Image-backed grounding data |
----------

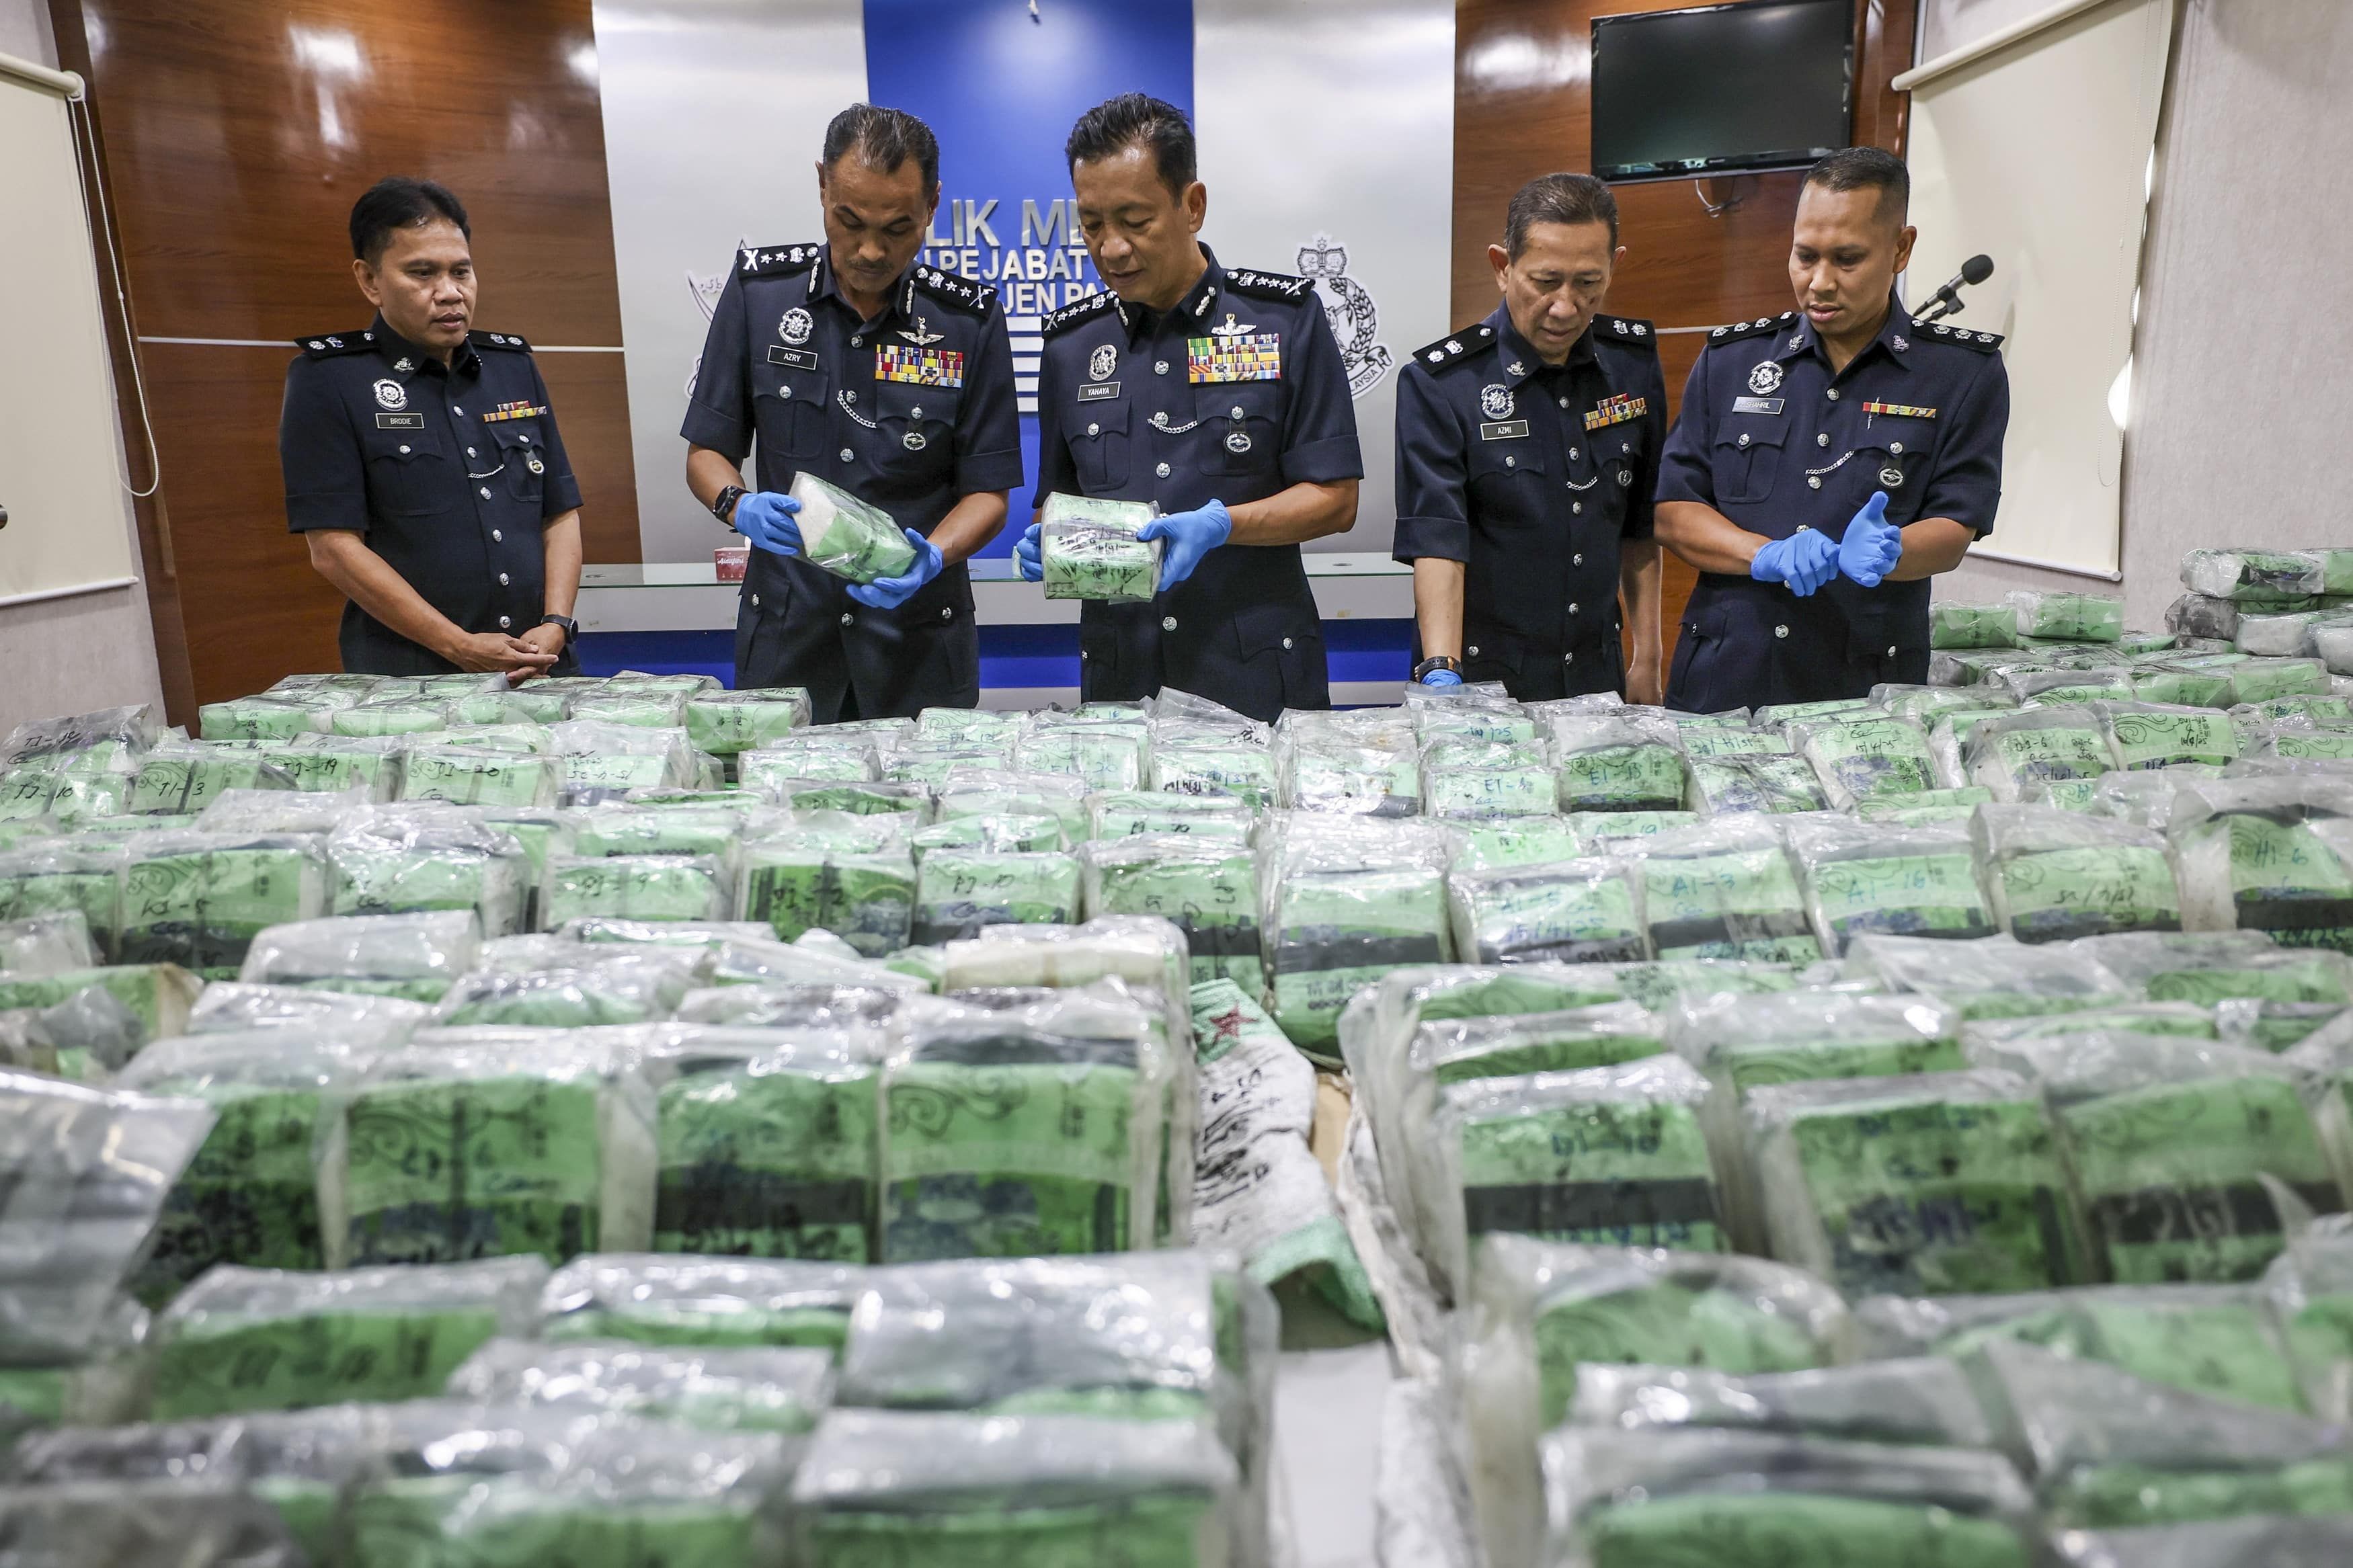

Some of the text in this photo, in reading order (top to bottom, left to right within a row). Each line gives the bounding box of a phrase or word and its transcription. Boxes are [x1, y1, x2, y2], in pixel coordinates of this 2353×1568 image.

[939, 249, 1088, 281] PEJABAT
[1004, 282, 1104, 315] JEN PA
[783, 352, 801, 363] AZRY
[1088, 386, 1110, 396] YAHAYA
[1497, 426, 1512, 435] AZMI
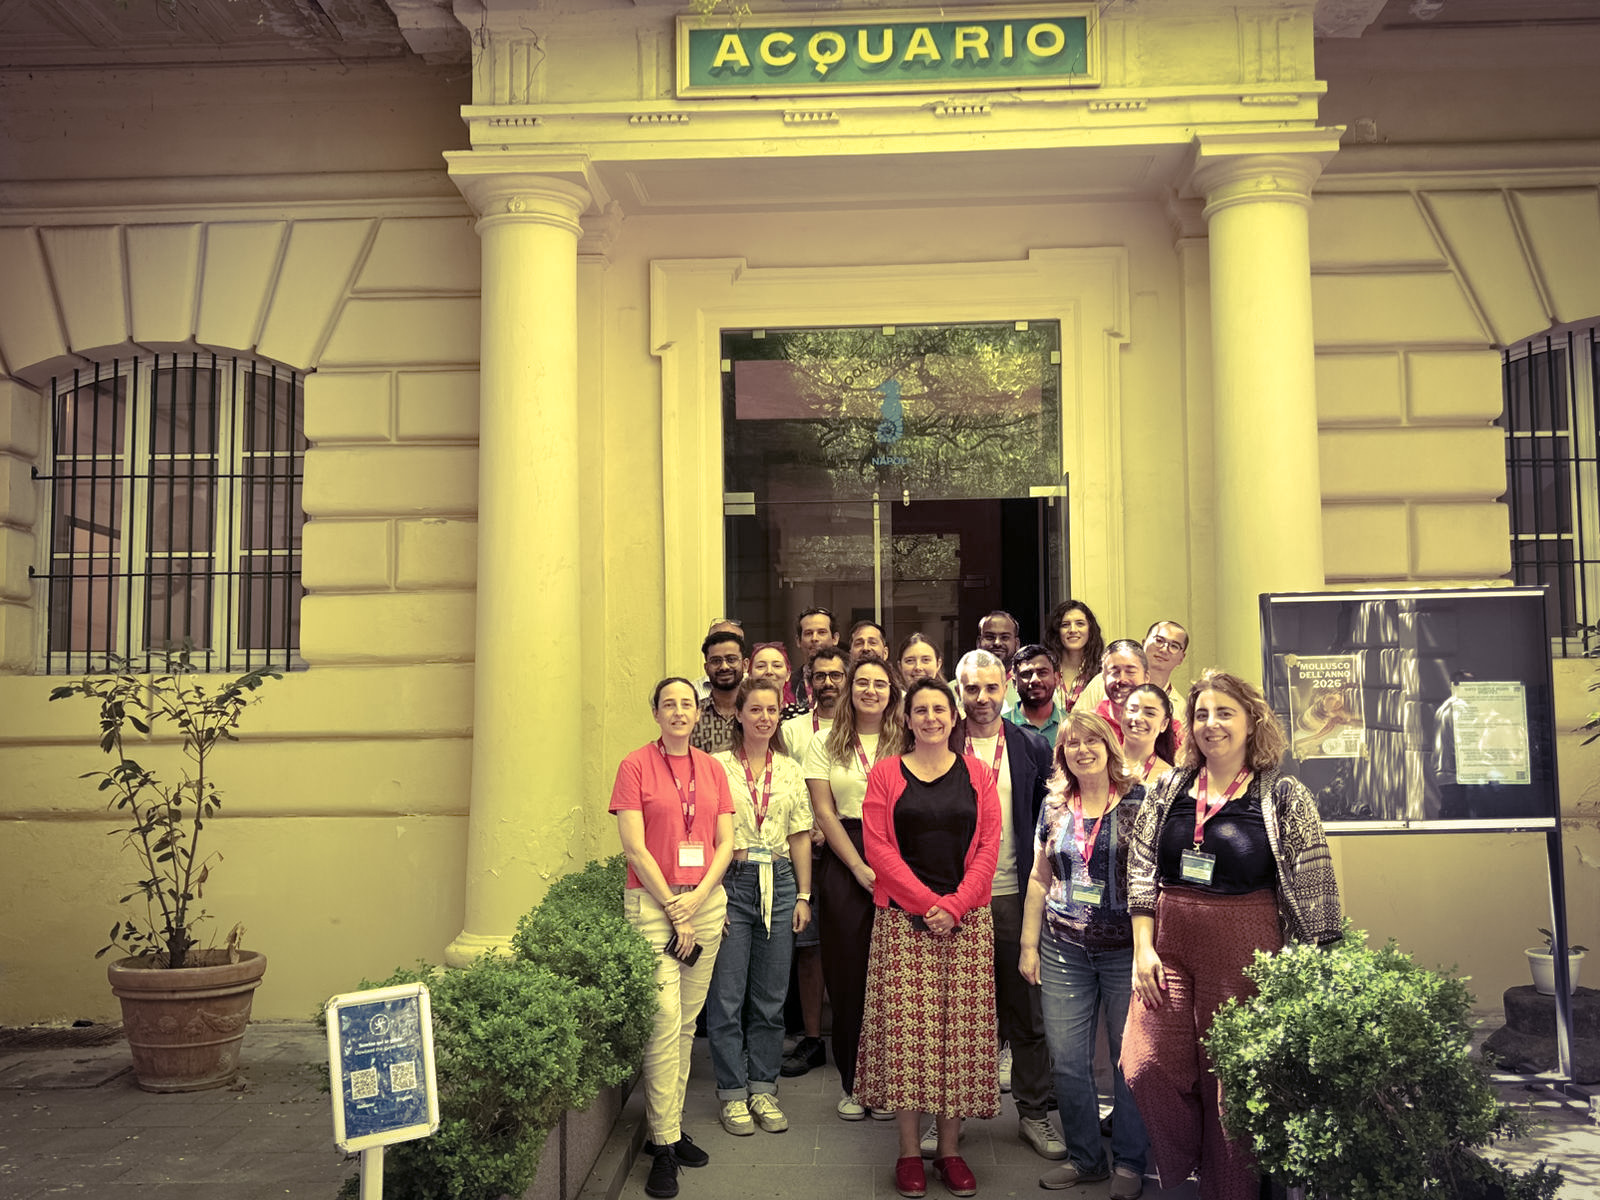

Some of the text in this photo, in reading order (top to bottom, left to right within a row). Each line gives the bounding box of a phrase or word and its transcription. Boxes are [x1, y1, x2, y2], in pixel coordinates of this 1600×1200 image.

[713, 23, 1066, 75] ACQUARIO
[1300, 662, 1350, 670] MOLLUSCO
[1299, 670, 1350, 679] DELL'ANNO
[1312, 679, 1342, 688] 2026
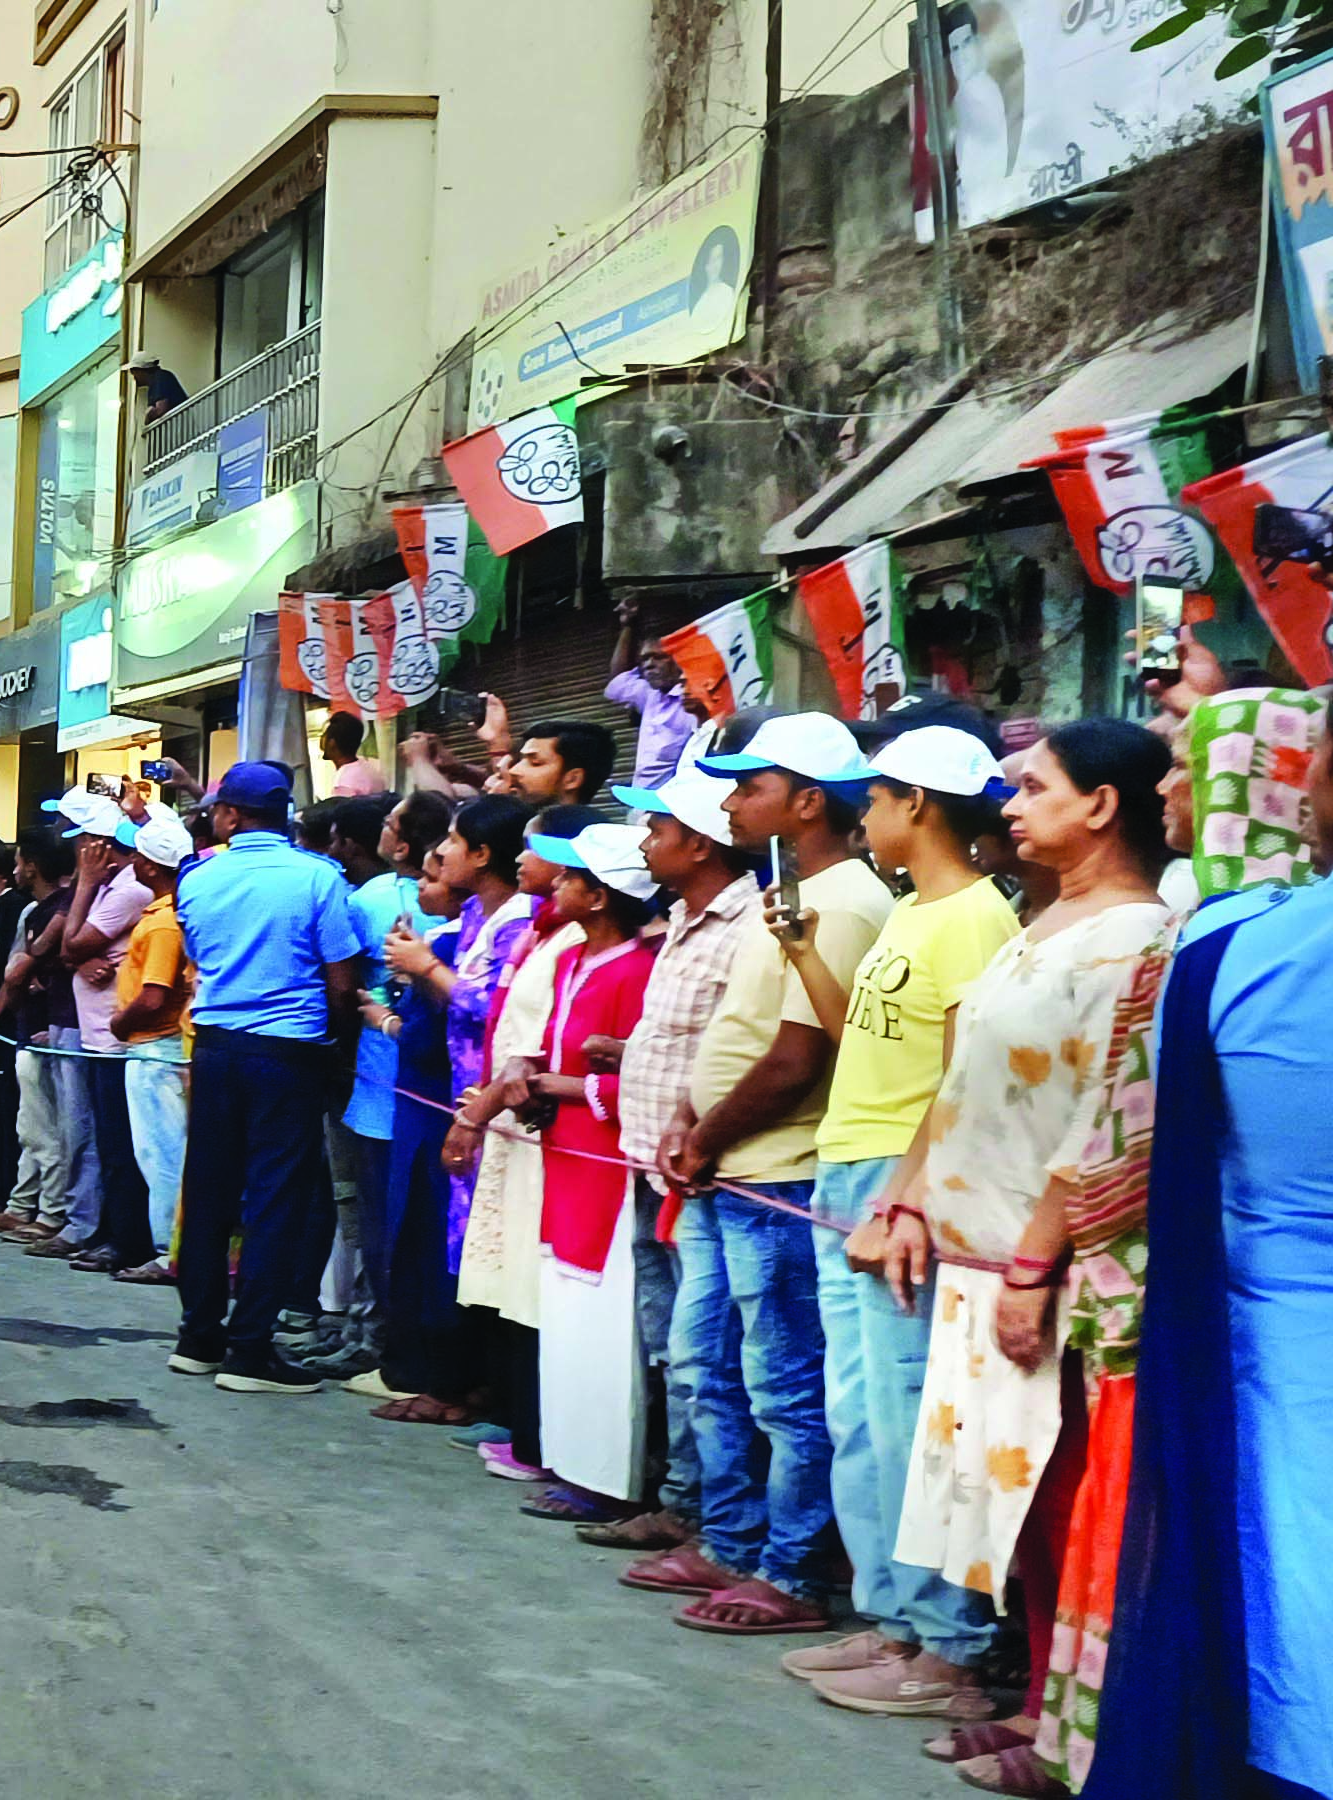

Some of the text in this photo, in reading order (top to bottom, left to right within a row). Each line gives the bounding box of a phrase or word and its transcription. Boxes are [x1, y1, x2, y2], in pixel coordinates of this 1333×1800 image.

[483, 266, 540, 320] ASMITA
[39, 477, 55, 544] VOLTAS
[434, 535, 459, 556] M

----------

WHAT IS BEING ASKED | Starting from the line containing "this 1333×1800 image." and ending with the final line of the data, reproduce each line exactly as it appears, including no other lines.

ANSWER SPACE |
Some of the text in this photo, in reading order (top to bottom, left to right within a row). Each line gives the bounding box of a phrase or word and its transcription. Boxes are [x1, y1, x2, y2], in pixel coordinates of this 1333×1800 image.

[483, 266, 540, 320] ASMITA
[39, 477, 55, 544] VOLTAS
[434, 535, 459, 556] M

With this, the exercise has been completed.